*** Task input Section Begins ***
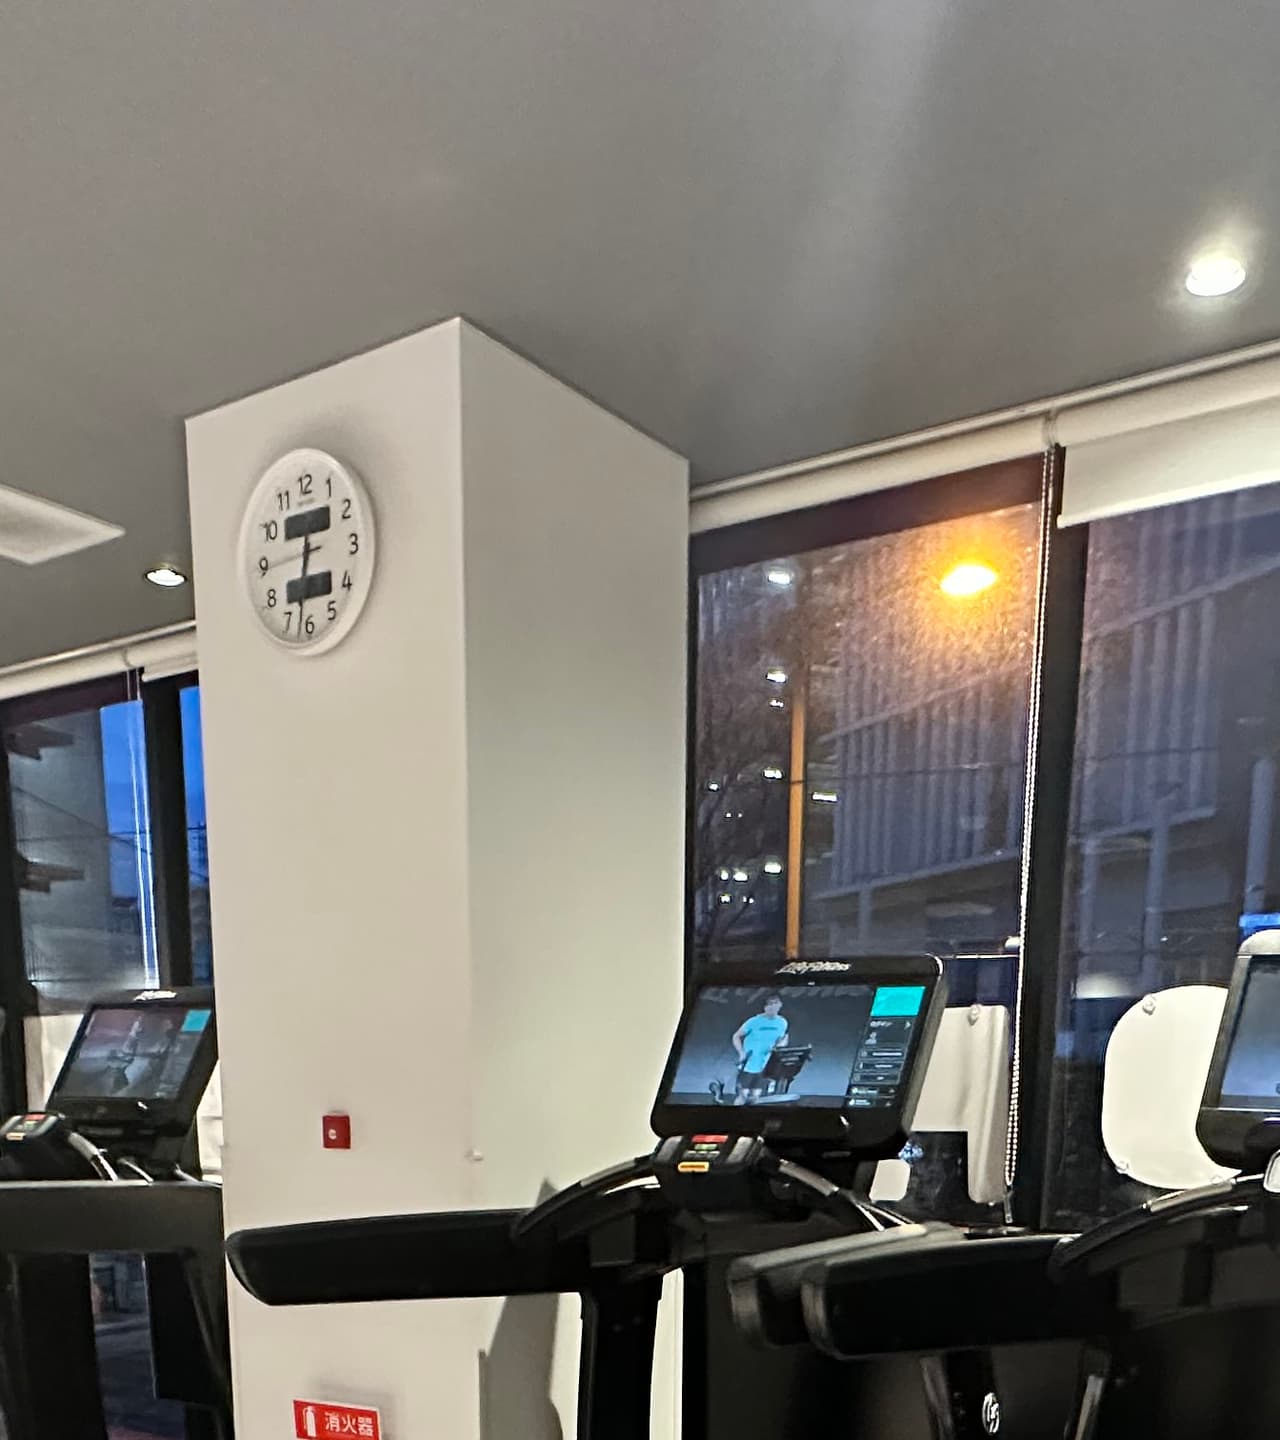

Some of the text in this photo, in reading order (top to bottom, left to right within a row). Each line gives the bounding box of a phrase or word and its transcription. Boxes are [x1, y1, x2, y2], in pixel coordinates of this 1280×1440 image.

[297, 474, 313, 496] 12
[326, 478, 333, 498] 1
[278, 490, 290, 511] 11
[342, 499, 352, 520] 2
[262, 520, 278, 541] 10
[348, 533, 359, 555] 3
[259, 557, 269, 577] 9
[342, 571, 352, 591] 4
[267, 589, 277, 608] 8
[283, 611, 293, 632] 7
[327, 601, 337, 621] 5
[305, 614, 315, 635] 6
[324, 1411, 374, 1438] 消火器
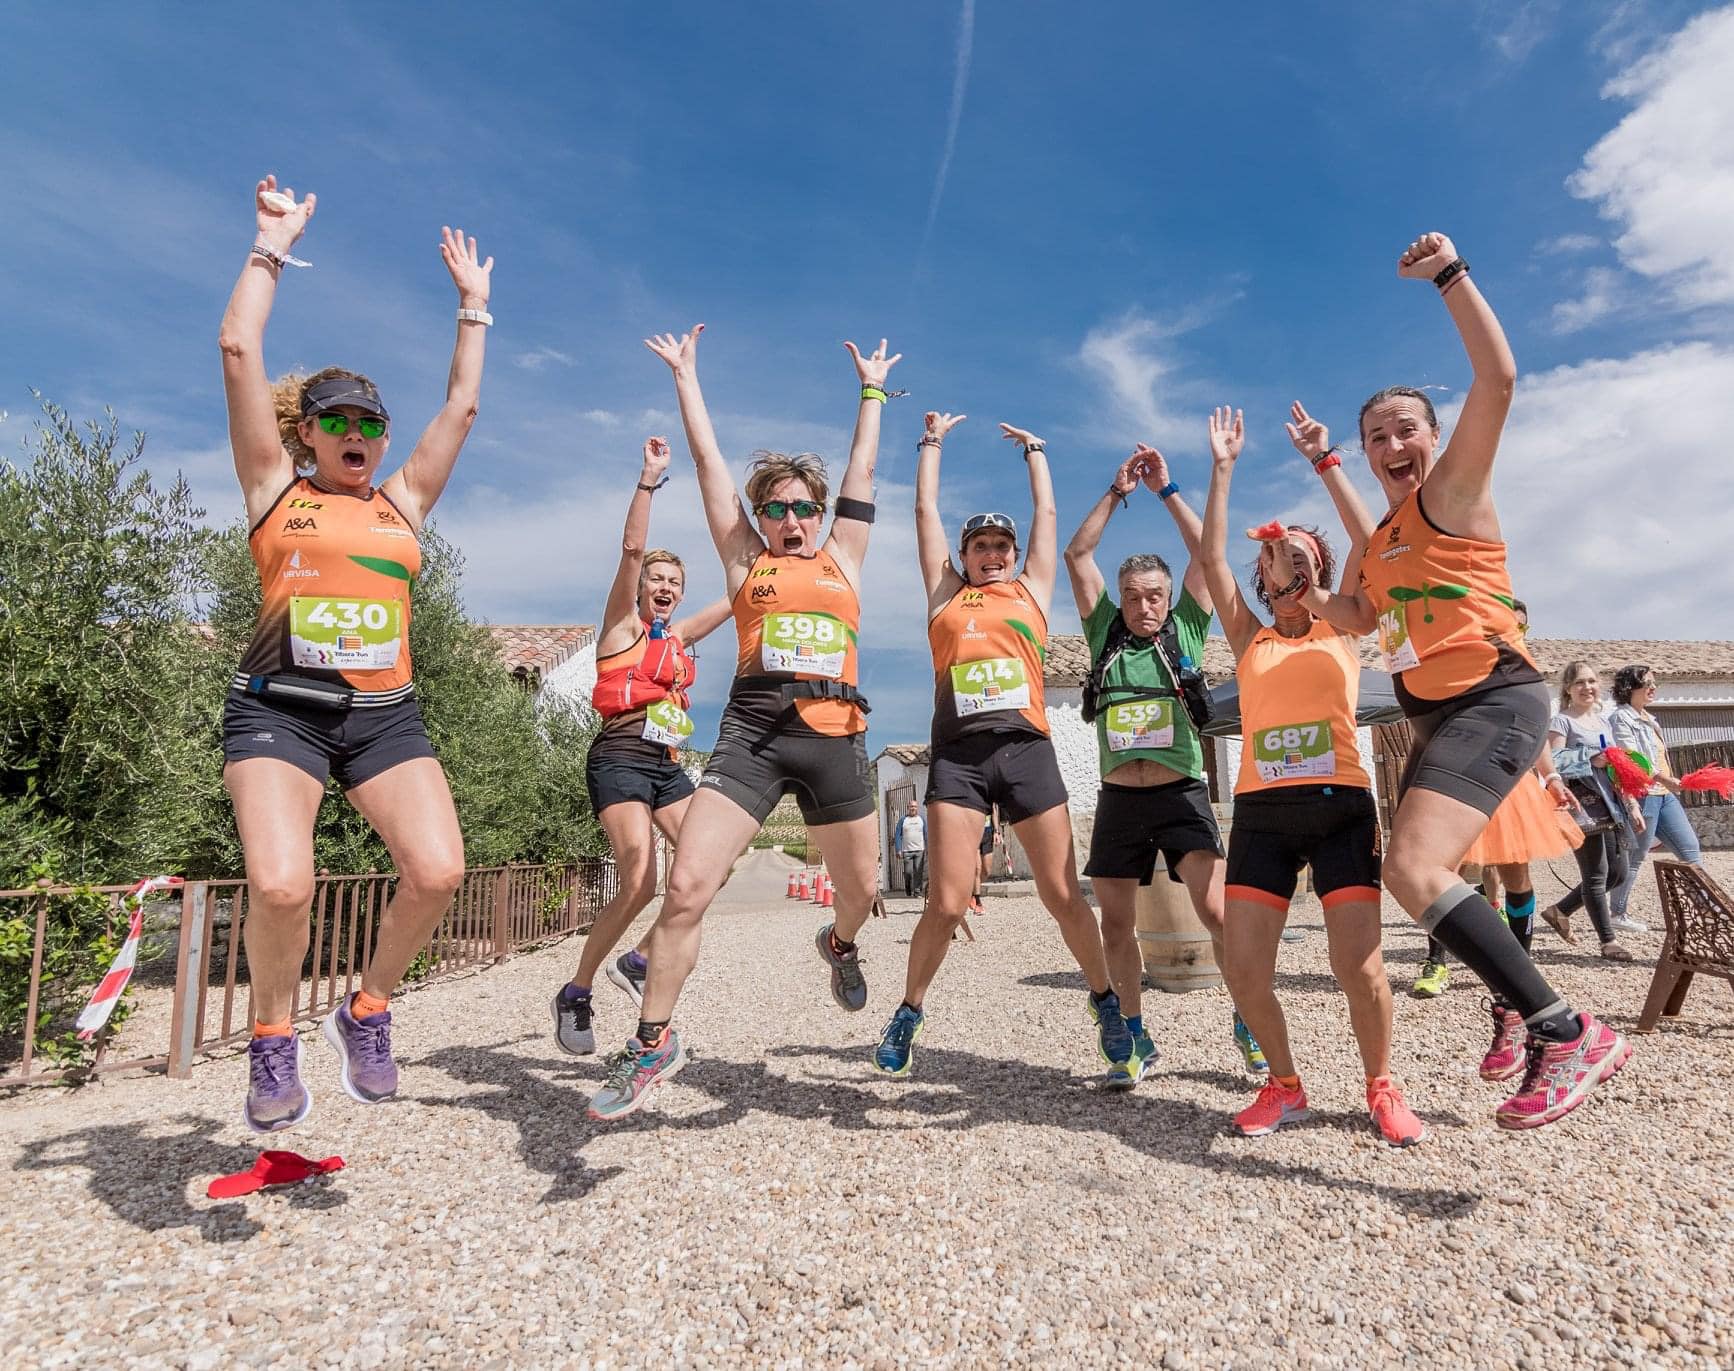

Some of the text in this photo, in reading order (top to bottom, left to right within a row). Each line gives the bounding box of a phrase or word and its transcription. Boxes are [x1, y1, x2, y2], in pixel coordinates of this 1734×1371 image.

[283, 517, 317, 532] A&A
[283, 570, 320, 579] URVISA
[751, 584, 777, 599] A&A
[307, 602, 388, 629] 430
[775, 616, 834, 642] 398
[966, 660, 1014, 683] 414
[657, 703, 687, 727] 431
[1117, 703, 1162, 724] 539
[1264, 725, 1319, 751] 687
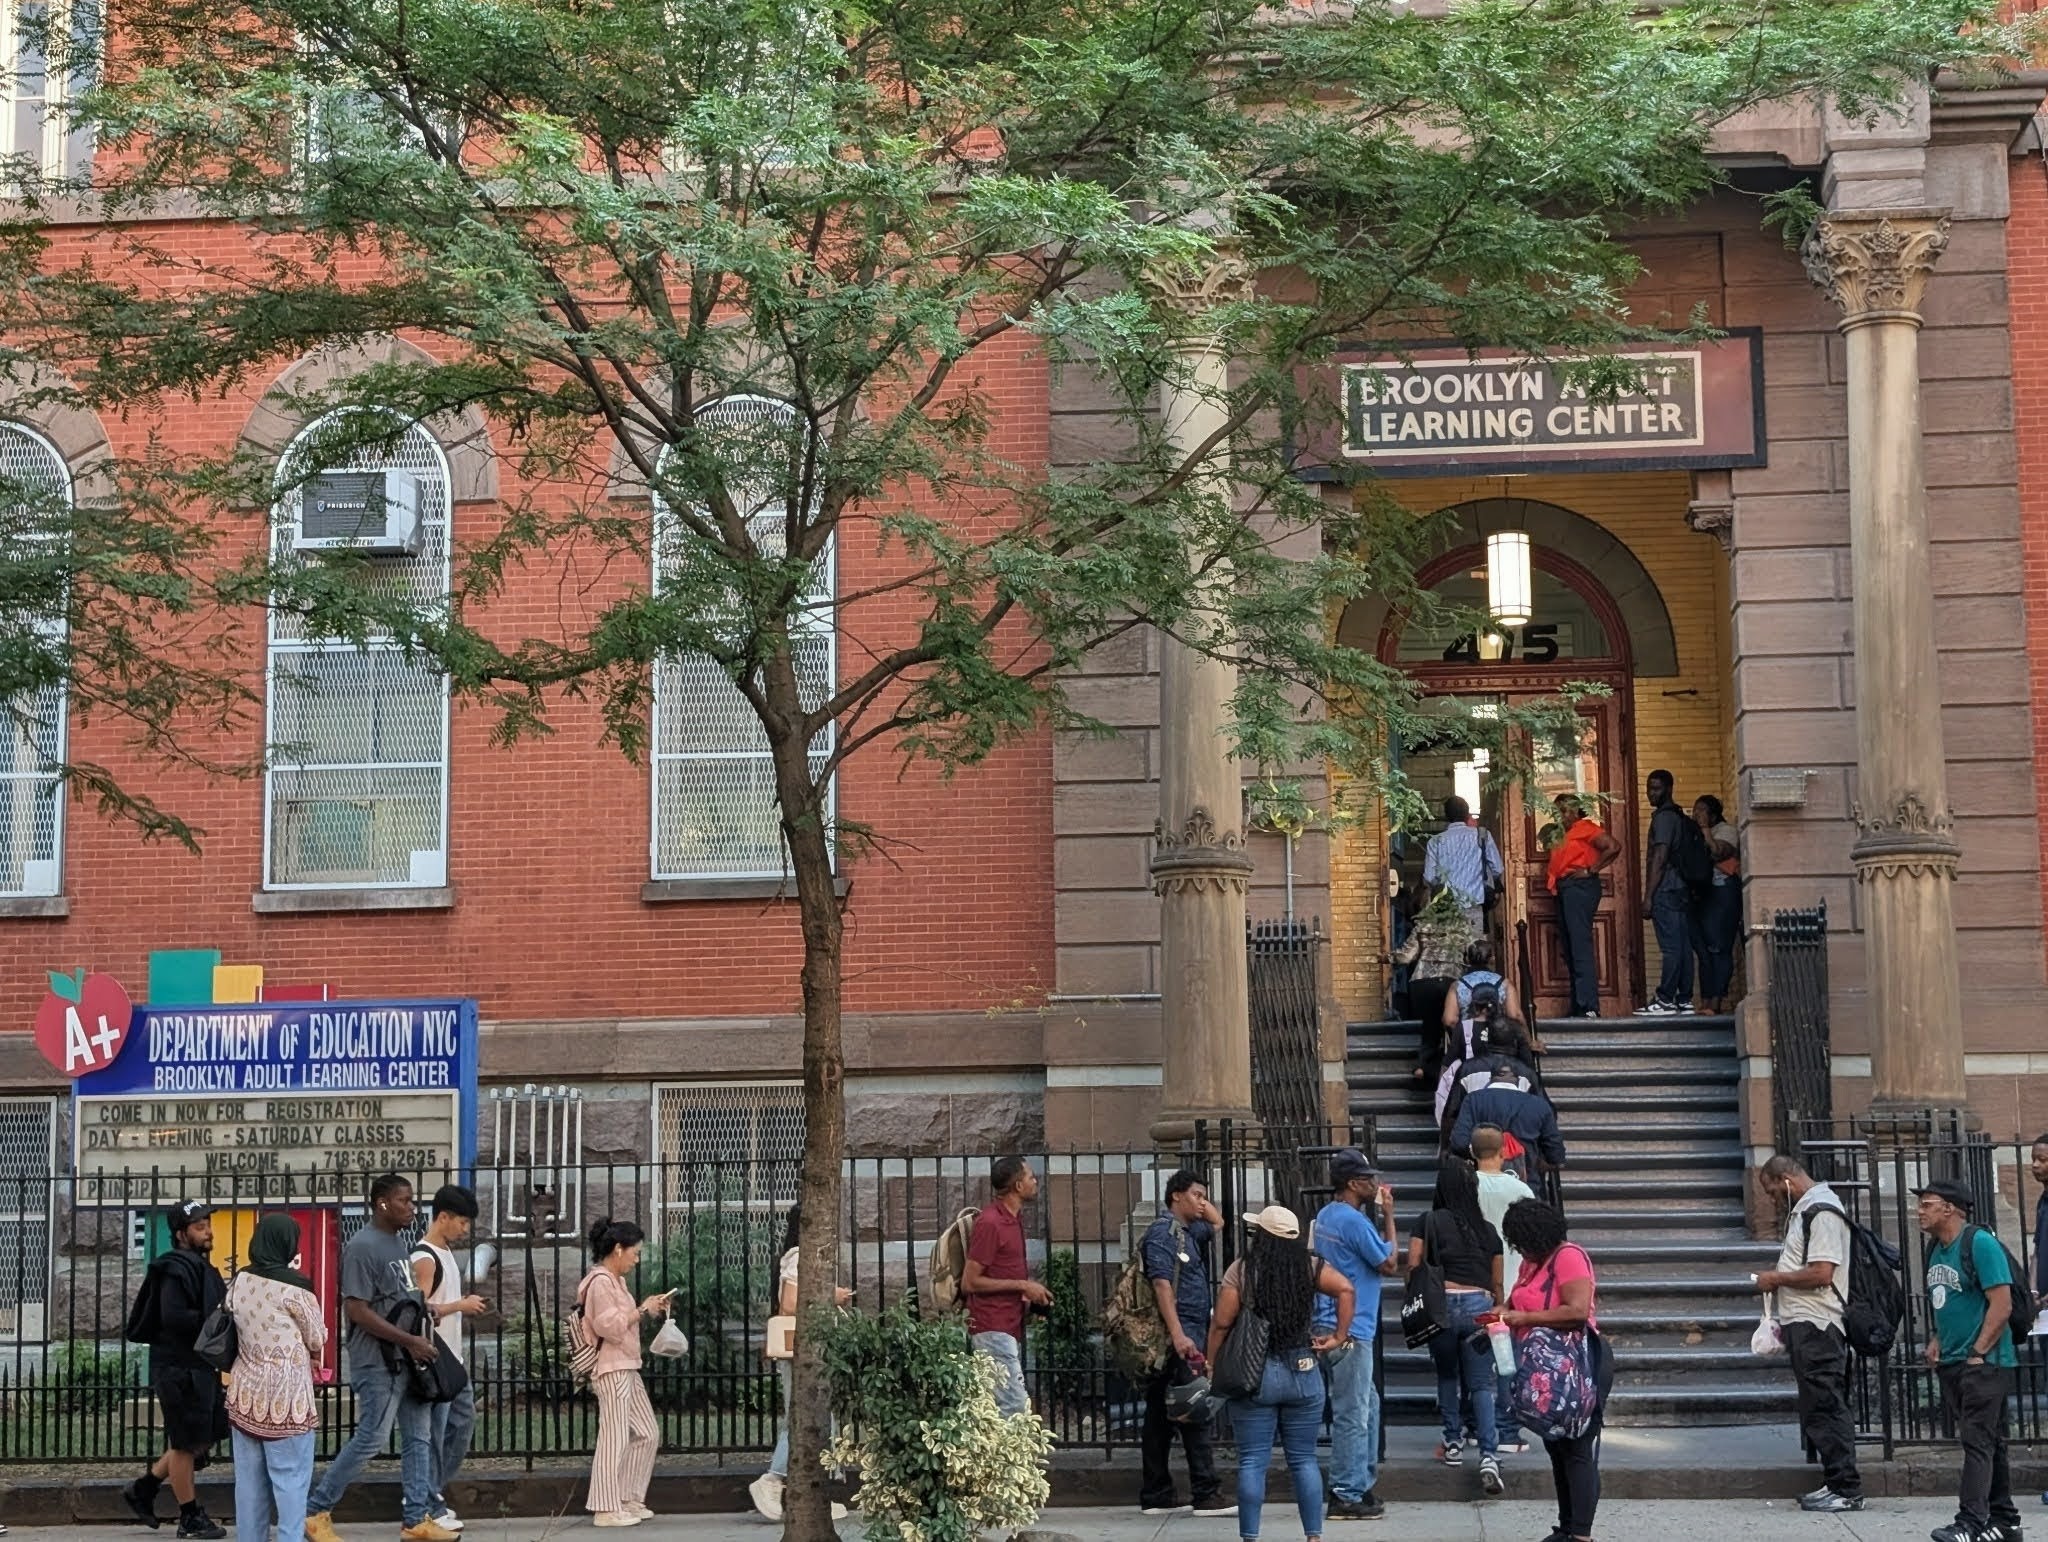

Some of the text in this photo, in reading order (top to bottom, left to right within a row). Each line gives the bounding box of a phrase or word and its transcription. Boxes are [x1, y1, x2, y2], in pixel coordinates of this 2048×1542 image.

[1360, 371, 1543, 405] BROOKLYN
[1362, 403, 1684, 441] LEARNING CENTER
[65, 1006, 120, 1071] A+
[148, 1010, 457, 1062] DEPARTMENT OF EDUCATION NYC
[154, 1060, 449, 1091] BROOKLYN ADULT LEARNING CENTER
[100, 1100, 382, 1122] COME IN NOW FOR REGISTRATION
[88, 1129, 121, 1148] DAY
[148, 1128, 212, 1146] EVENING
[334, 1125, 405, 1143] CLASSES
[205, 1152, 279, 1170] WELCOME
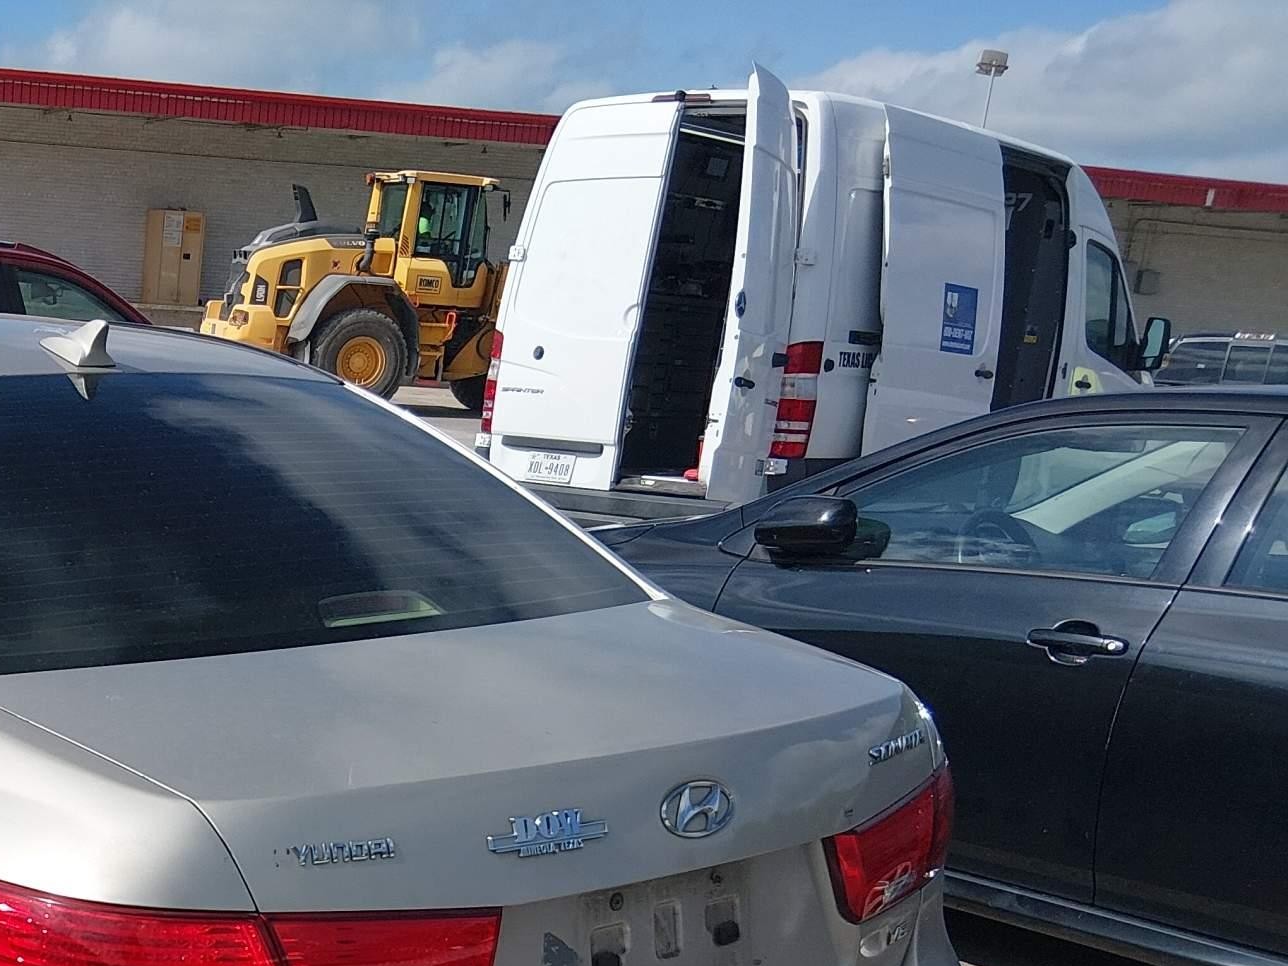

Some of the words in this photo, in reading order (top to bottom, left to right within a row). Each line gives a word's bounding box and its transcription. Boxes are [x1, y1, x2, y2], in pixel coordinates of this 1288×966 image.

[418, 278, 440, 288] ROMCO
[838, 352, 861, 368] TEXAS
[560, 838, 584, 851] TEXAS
*** Task input Section Ends ***
**Task prompt**: Write out verbatim the lines from the one containing "this 2048×1542 image." through the last line of the listing above, and no other lines; omit pictures.

**Result below**:
Some of the text in this photo, in reading order (top to bottom, left to right within a row). Each line gives the bounding box of a phrase or word and its transcription. Boxes are [x1, y1, x2, y2], in pixel coordinates of this 2048×1542 image.

[1360, 371, 1543, 405] BROOKLYN
[1362, 403, 1684, 441] LEARNING CENTER
[65, 1006, 120, 1071] A+
[148, 1010, 457, 1062] DEPARTMENT OF EDUCATION NYC
[154, 1060, 449, 1091] BROOKLYN ADULT LEARNING CENTER
[100, 1100, 382, 1122] COME IN NOW FOR REGISTRATION
[88, 1129, 121, 1148] DAY
[148, 1128, 212, 1146] EVENING
[334, 1125, 405, 1143] CLASSES
[205, 1152, 279, 1170] WELCOME

Some of the words in this photo, in reading order (top to bottom, left to right within a row). Each line gives a word's bounding box and its transcription. Boxes are [x1, y1, x2, y2], in pixel coordinates of this 1288×966 image.

[418, 278, 440, 288] ROMCO
[838, 352, 861, 368] TEXAS
[560, 838, 584, 851] TEXAS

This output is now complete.